▸ Work to complete:
Leaving out every image, restate all the records word for word.

[[ Data to process open ]]

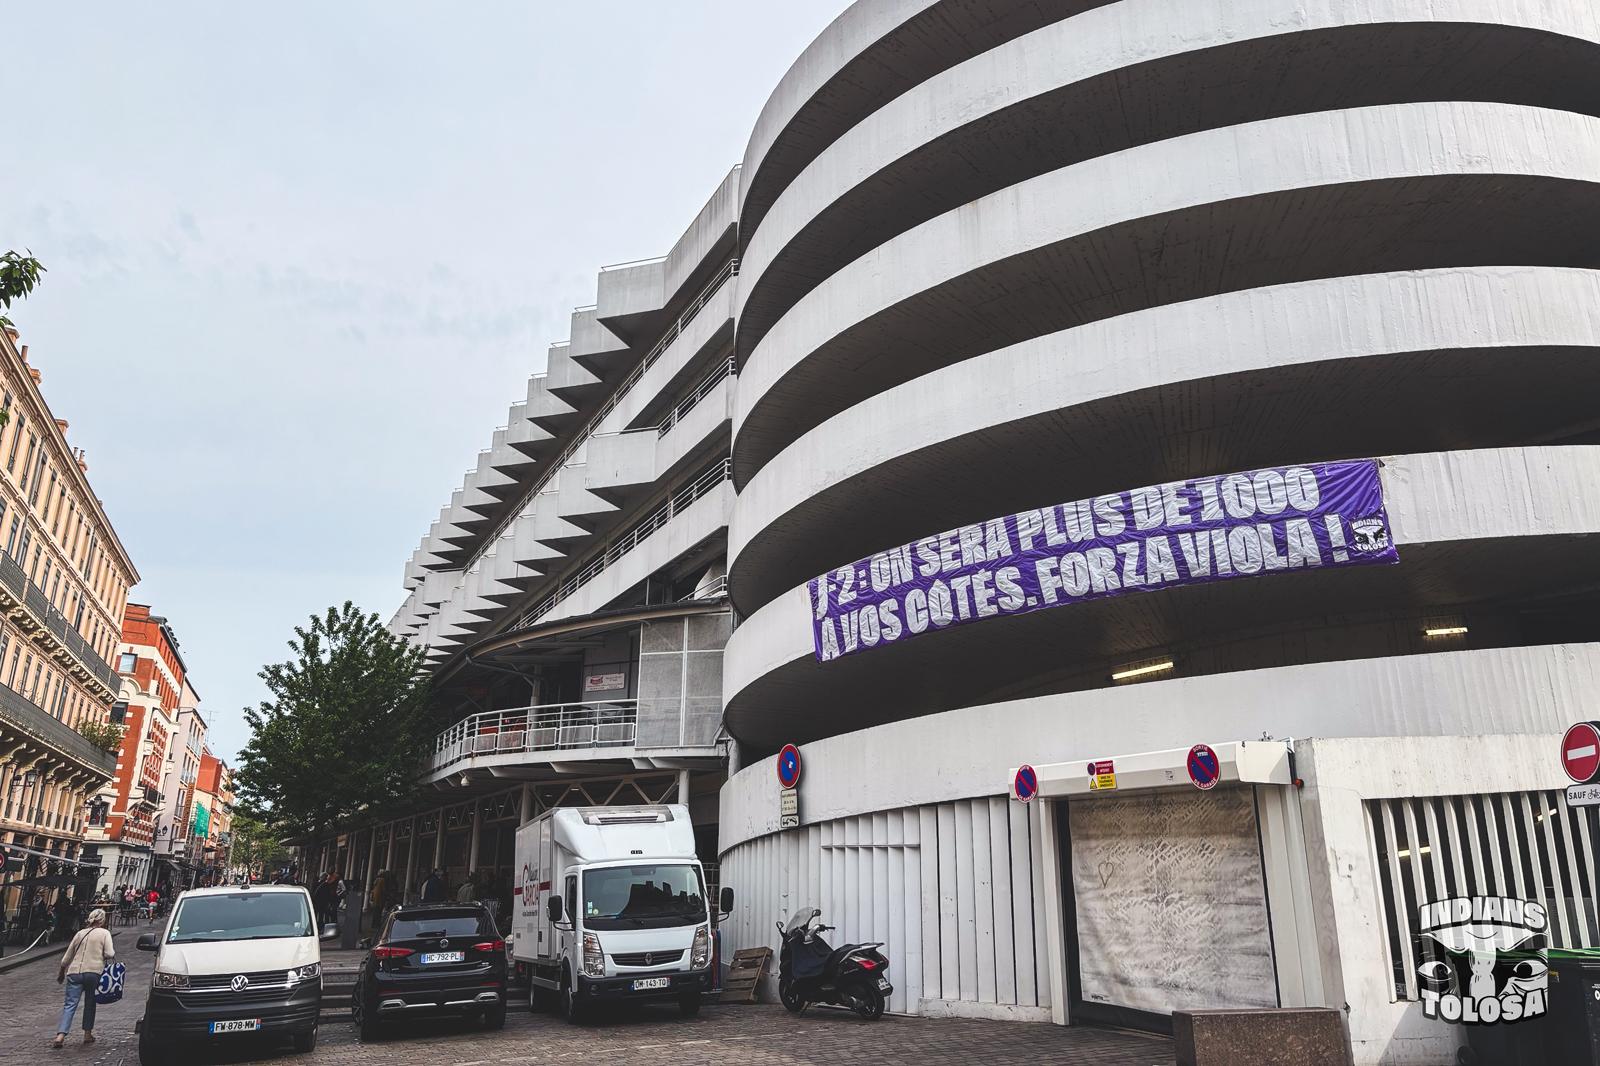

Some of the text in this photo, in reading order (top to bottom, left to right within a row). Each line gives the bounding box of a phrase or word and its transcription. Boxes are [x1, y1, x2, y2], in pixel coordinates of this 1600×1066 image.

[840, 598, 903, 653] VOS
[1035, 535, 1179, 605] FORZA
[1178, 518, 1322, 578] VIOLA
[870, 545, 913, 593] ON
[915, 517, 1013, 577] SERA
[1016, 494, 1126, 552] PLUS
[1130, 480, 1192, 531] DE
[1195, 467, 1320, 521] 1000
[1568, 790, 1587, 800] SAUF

[[ Data to process closed ]]

▸ Task answer:
Some of the text in this photo, in reading order (top to bottom, left to right within a row). Each line gives the bounding box of a phrase or word and its transcription. Boxes are [x1, y1, x2, y2], in pixel coordinates of this 1600×1066 image.

[840, 598, 903, 653] VOS
[1035, 535, 1179, 605] FORZA
[1178, 518, 1322, 578] VIOLA
[870, 545, 913, 593] ON
[915, 517, 1013, 577] SERA
[1016, 494, 1126, 552] PLUS
[1130, 480, 1192, 531] DE
[1195, 467, 1320, 521] 1000
[1568, 790, 1587, 800] SAUF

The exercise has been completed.